Stored items from a collection
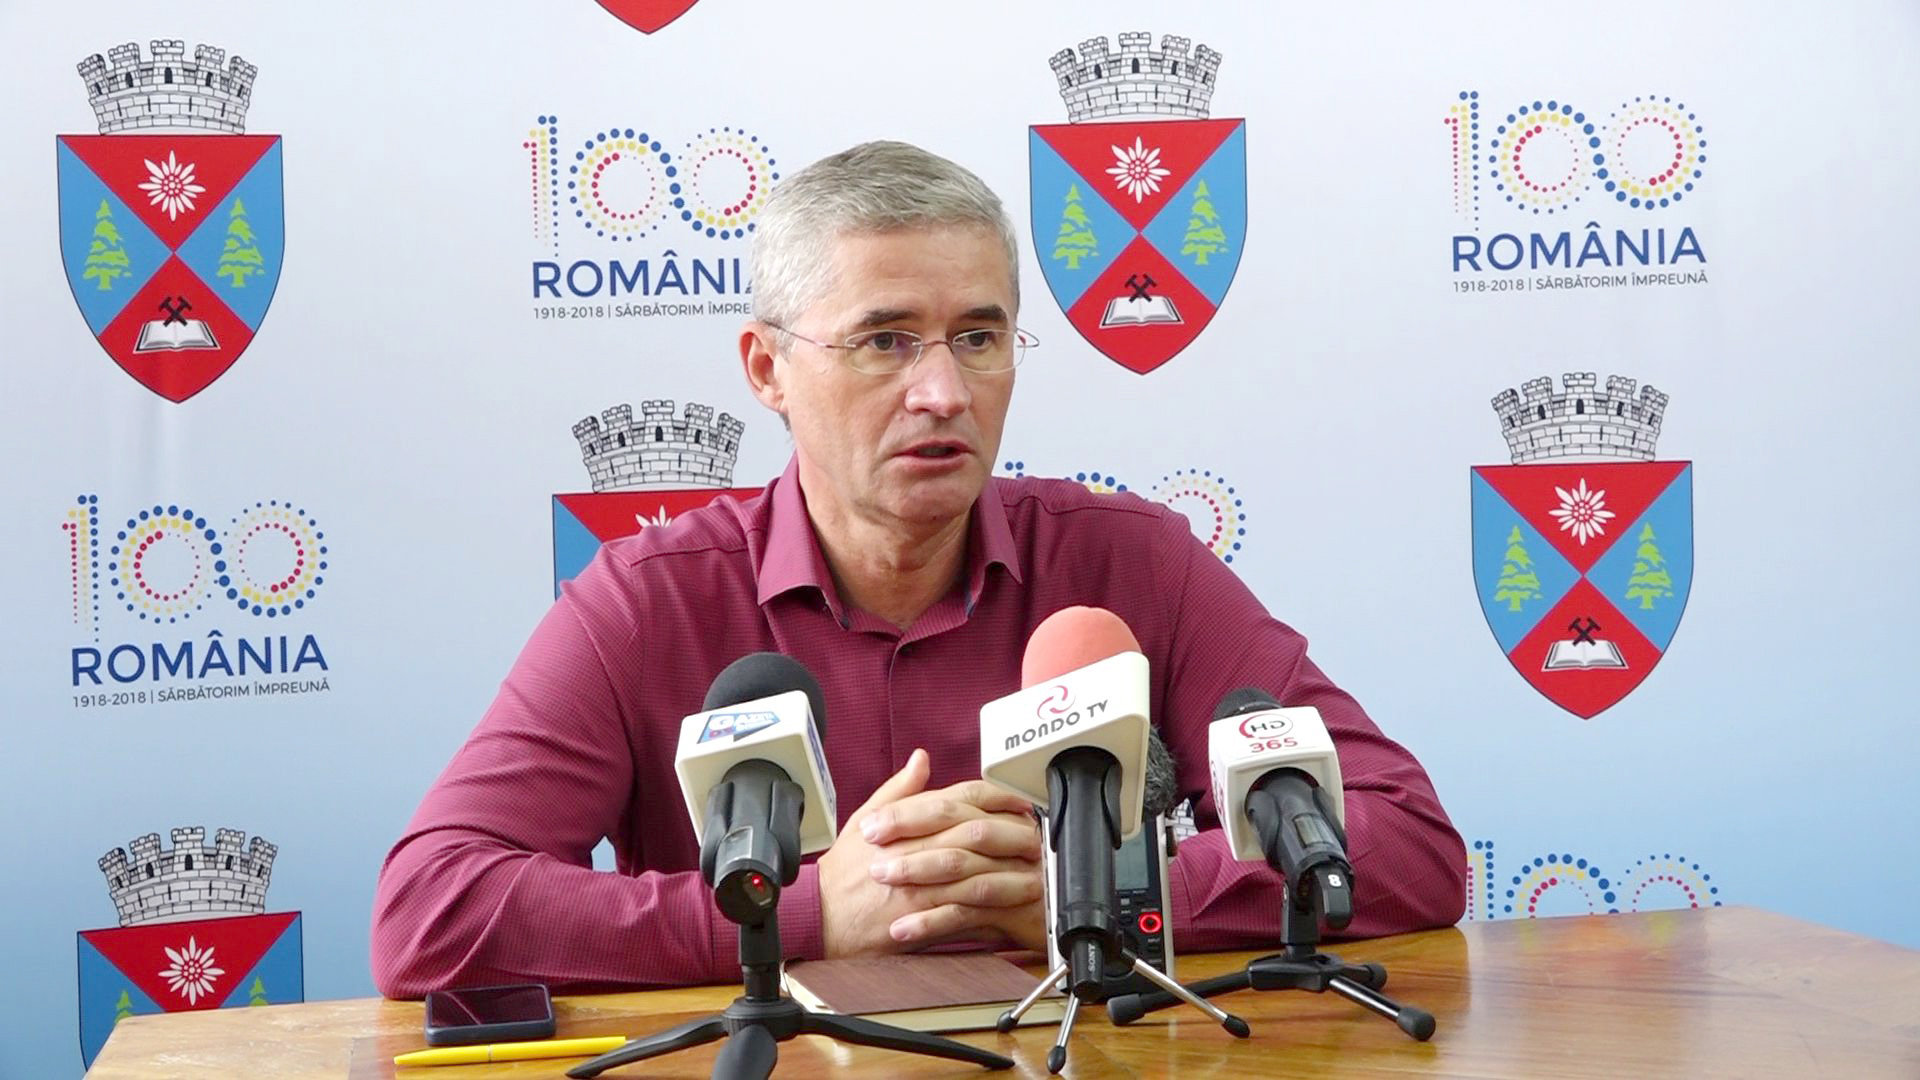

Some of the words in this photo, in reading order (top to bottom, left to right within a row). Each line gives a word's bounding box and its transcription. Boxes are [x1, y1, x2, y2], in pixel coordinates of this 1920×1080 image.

[1443, 90, 1707, 232] 100
[1452, 220, 1707, 273] ROMÂNIA
[532, 248, 752, 299] ROMÂNI
[1453, 279, 1525, 293] 1918-2018
[1535, 273, 1627, 291] SĂRBĂTORIM
[1631, 269, 1709, 287] ÎMPREUNĂ
[533, 306, 605, 320] 1918-2018
[615, 301, 704, 318] SĂRBĂTORIM
[708, 300, 751, 315] ÎMPRE
[61, 494, 329, 642] 100
[71, 629, 329, 687] ROMÂNIA
[72, 692, 147, 708] 1918-2018
[157, 685, 250, 703] SĂRBĂTORIM
[253, 677, 331, 697] ÎMPREUNĂ
[1004, 711, 1081, 751] MONDO
[1086, 699, 1109, 718] TV
[1248, 736, 1299, 753] 365
[1250, 719, 1286, 733] HD
[1087, 943, 1097, 974] SONY

== Work instruction ==
If a record holds a picture, drop the picture and return the rest of it exactly.

== Response to the exercise ==
Some of the words in this photo, in reading order (top to bottom, left to right within a row). Each line gives a word's bounding box and its transcription. Boxes are [x1, y1, x2, y2], in pixel coordinates of this 1920×1080 image.

[1443, 90, 1707, 232] 100
[1452, 220, 1707, 273] ROMÂNIA
[532, 248, 752, 299] ROMÂNI
[1453, 279, 1525, 293] 1918-2018
[1535, 273, 1627, 291] SĂRBĂTORIM
[1631, 269, 1709, 287] ÎMPREUNĂ
[533, 306, 605, 320] 1918-2018
[615, 301, 704, 318] SĂRBĂTORIM
[708, 300, 751, 315] ÎMPRE
[61, 494, 329, 642] 100
[71, 629, 329, 687] ROMÂNIA
[72, 692, 147, 708] 1918-2018
[157, 685, 250, 703] SĂRBĂTORIM
[253, 677, 331, 697] ÎMPREUNĂ
[1004, 711, 1081, 751] MONDO
[1086, 699, 1109, 718] TV
[1248, 736, 1299, 753] 365
[1250, 719, 1286, 733] HD
[1087, 943, 1097, 974] SONY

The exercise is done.